§ **AIM OF THE TASK**
An unchanged copy of each entry below is needed; keep the pictures out of it.

§ **GIVEN INFORMATION**
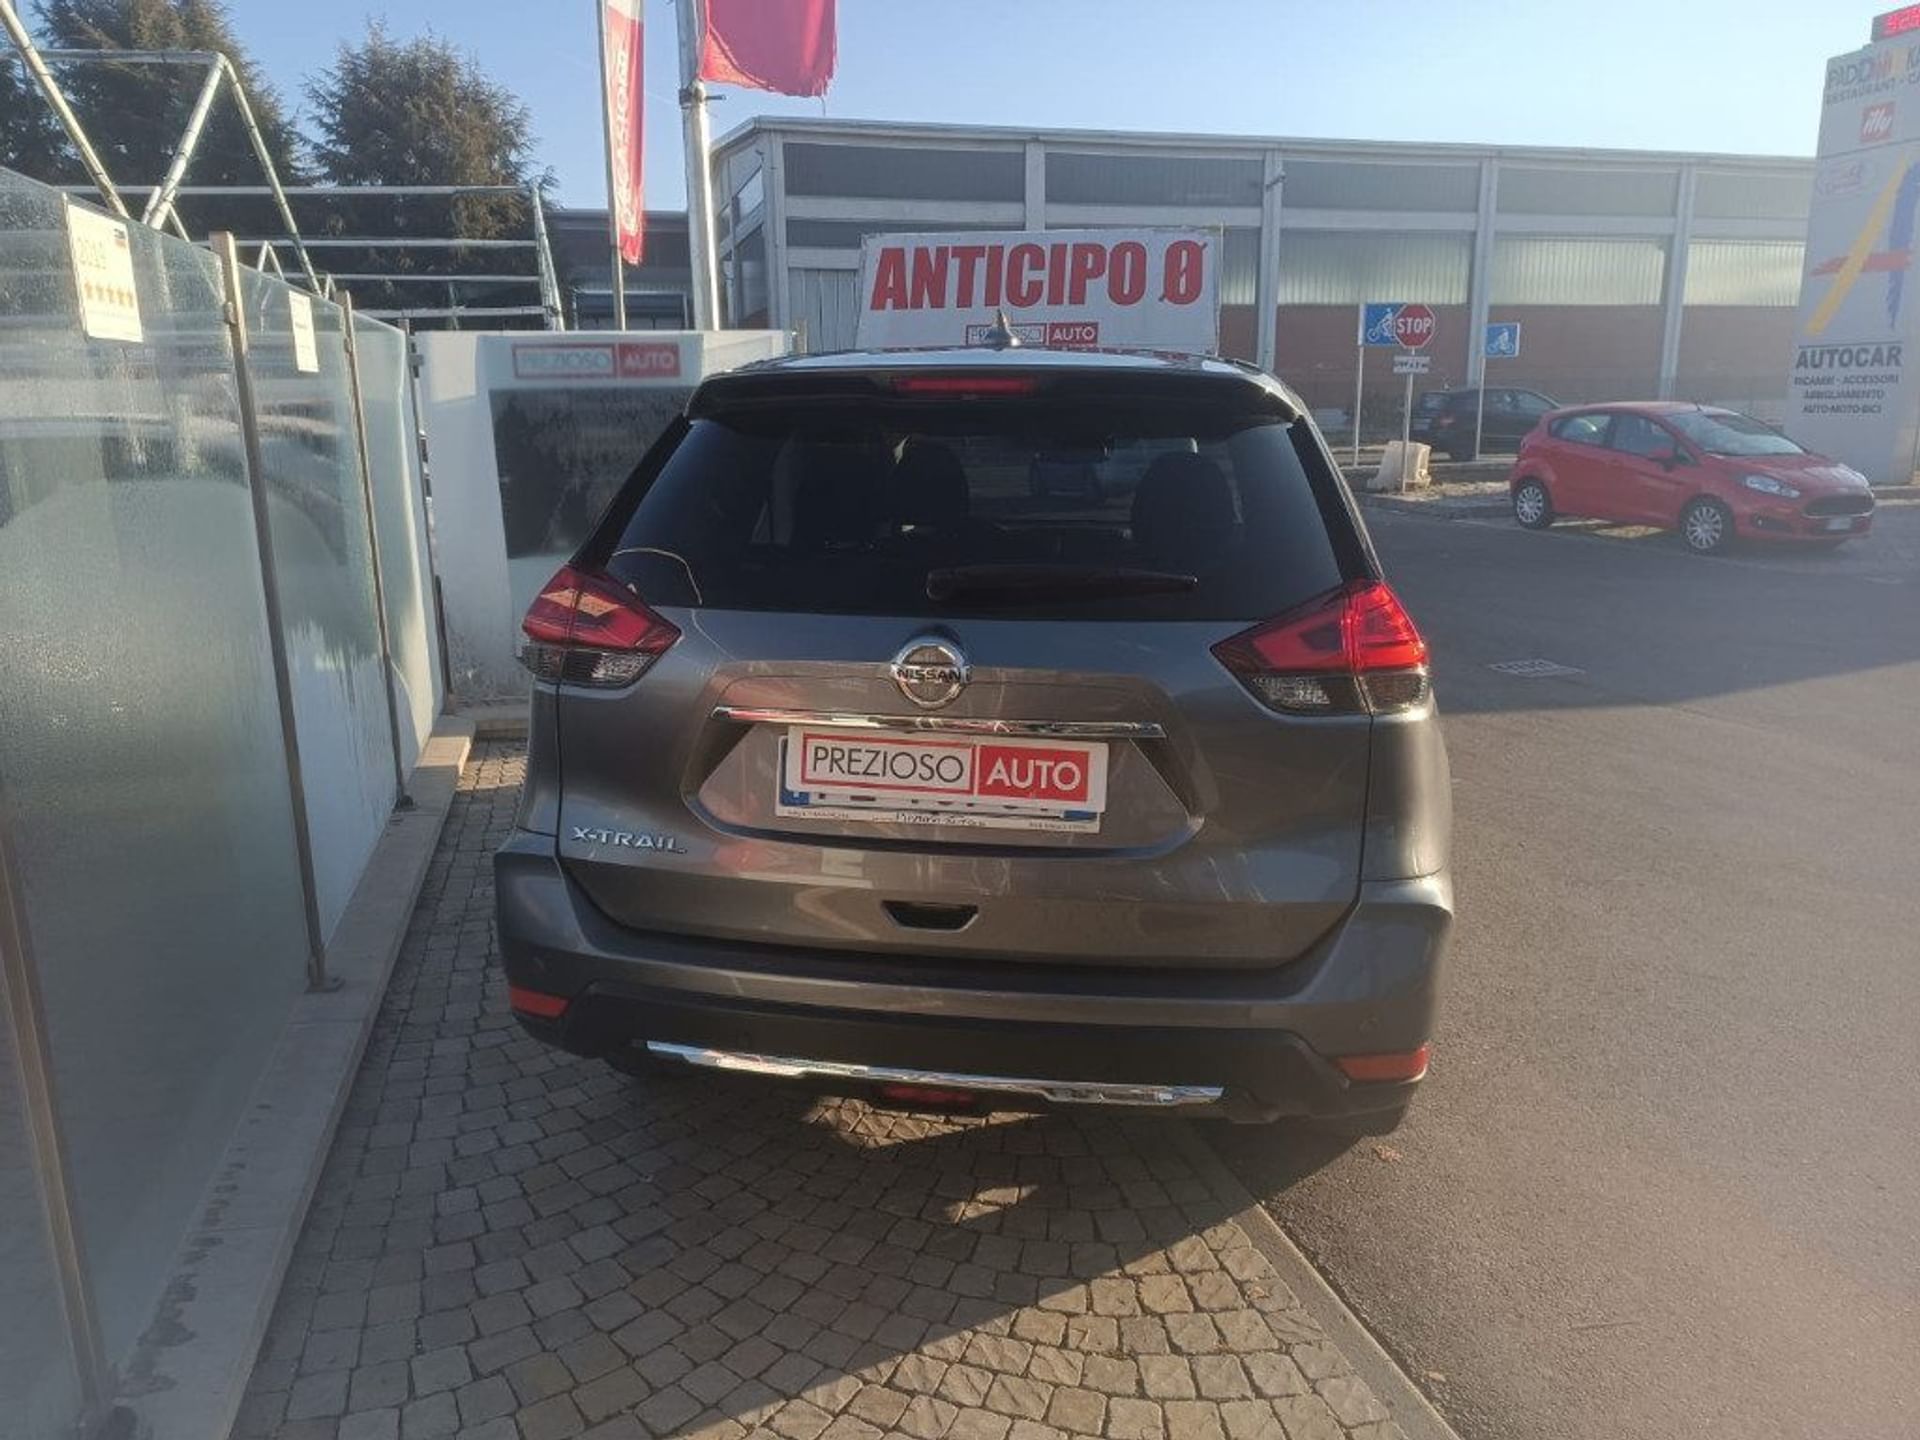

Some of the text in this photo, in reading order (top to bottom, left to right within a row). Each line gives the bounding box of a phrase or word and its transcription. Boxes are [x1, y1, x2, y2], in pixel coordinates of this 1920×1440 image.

[1862, 106, 1892, 136] illy
[870, 241, 1147, 311] ANTICIPO
[1051, 326, 1097, 341] AUTO
[1396, 316, 1433, 334] STOP
[624, 351, 675, 369] AUTO
[1795, 345, 1903, 369] AUTOCAR
[1842, 373, 1899, 384] ACCESSORI
[897, 668, 962, 683] NISSAN
[812, 745, 1082, 792] PREZIOSO AUTO
[571, 825, 688, 855] X-TRAIL
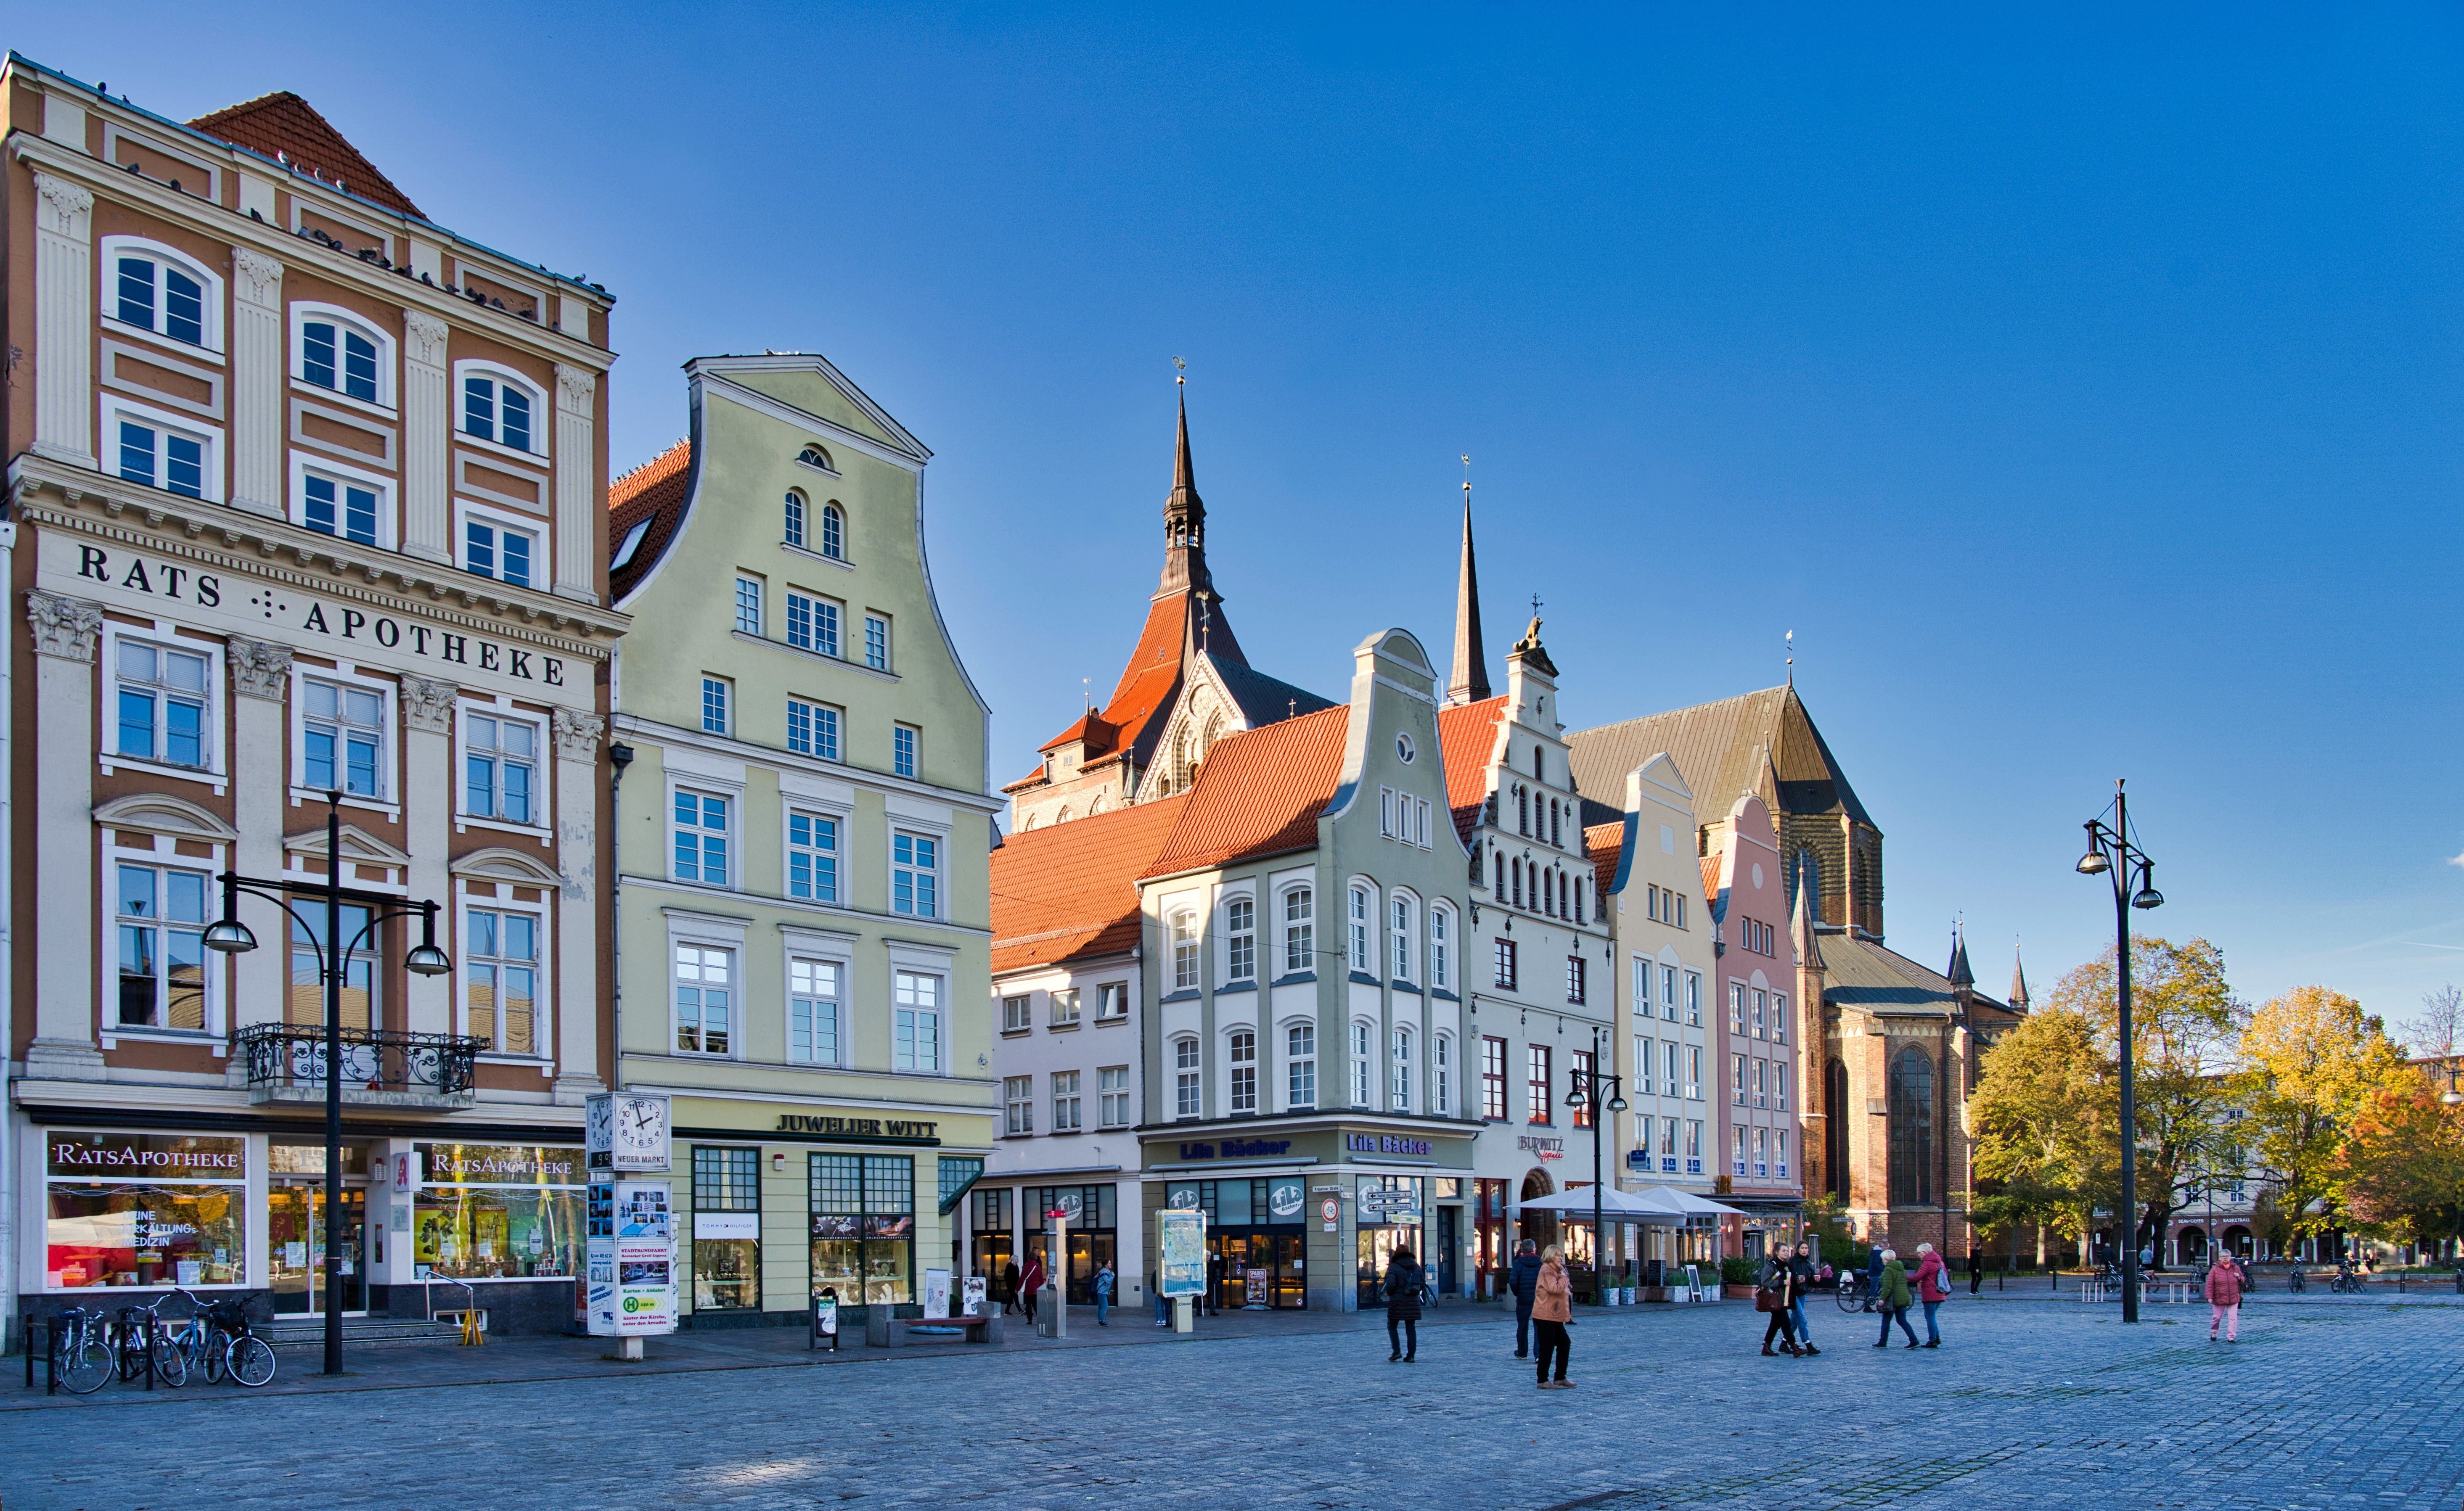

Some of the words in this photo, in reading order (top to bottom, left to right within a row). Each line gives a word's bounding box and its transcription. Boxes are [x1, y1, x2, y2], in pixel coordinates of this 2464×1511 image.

§ **OUTPUT FOR THIS TASK**
Some of the text in this photo, in reading order (top to bottom, left to right within a row). Each line gives the bounding box of a phrase or word and its transcription. Boxes are [x1, y1, x2, y2], in pixel coordinates of this 1920×1440 image.

[1862, 106, 1892, 136] illy
[870, 241, 1147, 311] ANTICIPO
[1051, 326, 1097, 341] AUTO
[1396, 316, 1433, 334] STOP
[624, 351, 675, 369] AUTO
[1795, 345, 1903, 369] AUTOCAR
[1842, 373, 1899, 384] ACCESSORI
[897, 668, 962, 683] NISSAN
[812, 745, 1082, 792] PREZIOSO AUTO
[571, 825, 688, 855] X-TRAIL

Some of the words in this photo, in reading order (top to bottom, left to right within a row). Each line gives a word's bounding box and its transcription. Boxes are [x1, y1, x2, y2], in pixel coordinates of this 2464×1511 image.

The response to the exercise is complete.